Tuesday, July 6, 2010

EPA transport rule targets deep cuts in SO2, NOx

power plant stack

The U.S. Environmental Protection Agency (EPA) is proposing regulations to cut air pollution for people living downwind of power plants.

The so-called “transport rule” is expected, by 2014, to reduce power plant emissions of sulfur dioxide (SO2) by 71 percent over 2005 levels and nitrogen oxides (NOx) by 52 percent. 

SO2 and NOx react in the atmosphere to form fine particle pollution and ground-level ozone (smog), which are linked, the EPA says, to thousands of asthma cases and heart attacks, and almost 2 million lost school or work days.

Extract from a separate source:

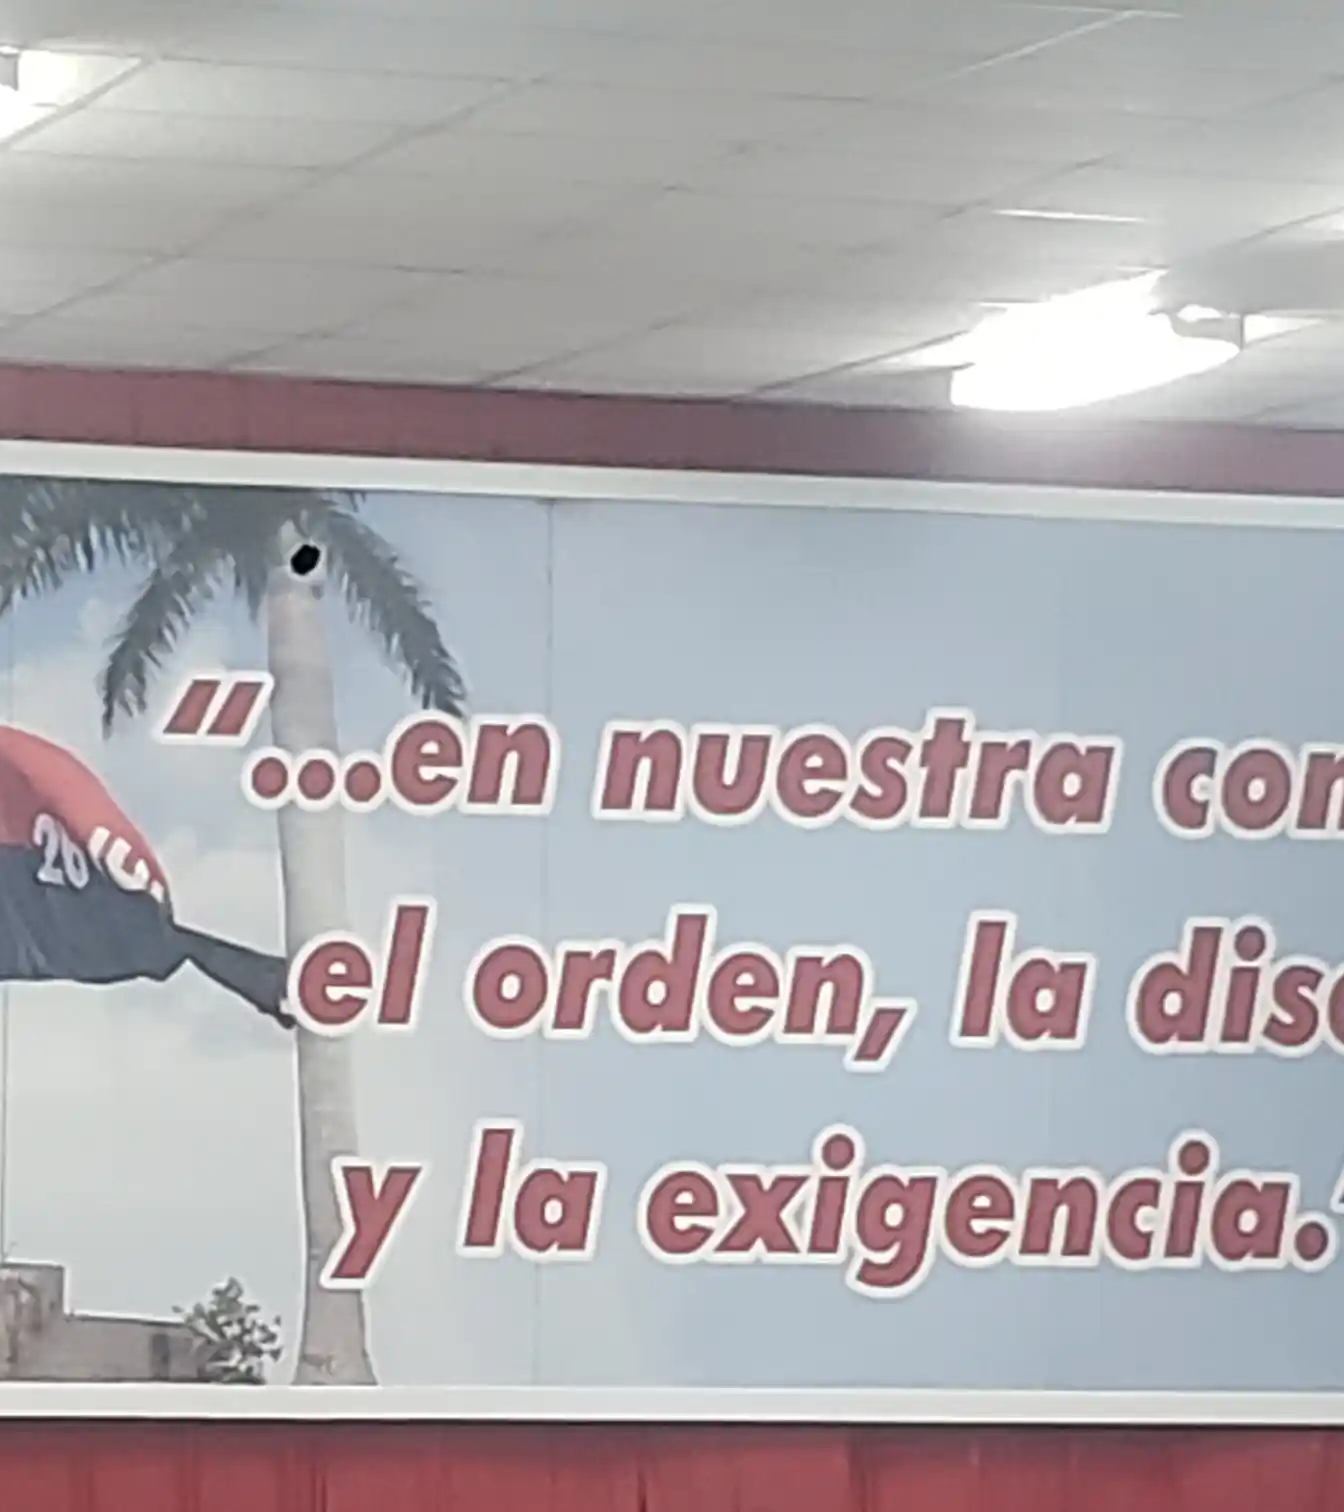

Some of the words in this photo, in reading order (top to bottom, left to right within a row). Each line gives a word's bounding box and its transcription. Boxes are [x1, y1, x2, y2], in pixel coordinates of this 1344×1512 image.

The agency estimates that the regulations will yield more than $120 billion in annual health benefits in 2014, including avoiding an estimated 14,000 to 36,000 premature deaths, 23,000 nonfatal heart attacks, 21,000 cases of acute bronchitis, 240,000 cases of aggravated asthma, and 1.9 million days of missed school or work due to ozone and particle pollution-related symptoms.

The agency puts the expected annual cost of compliance to power plant operators at $2.8 billion in 2014.  

The proposal replaces the 2005 Clean Air Interstate Rule (CAIR), which the U.S. Court of Appeals for the D.C. Circuit ordered EPA to revise in 2008. The court allowed CAIR to remain in place temporarily while EPA works to finalize the replacement rule proposed today.


EPA will take public comment on the proposal for 60 days after the rule is published in the Federal Register. The agency also will hold public hearings.  Dates and locations for the hearings will be announced shortly.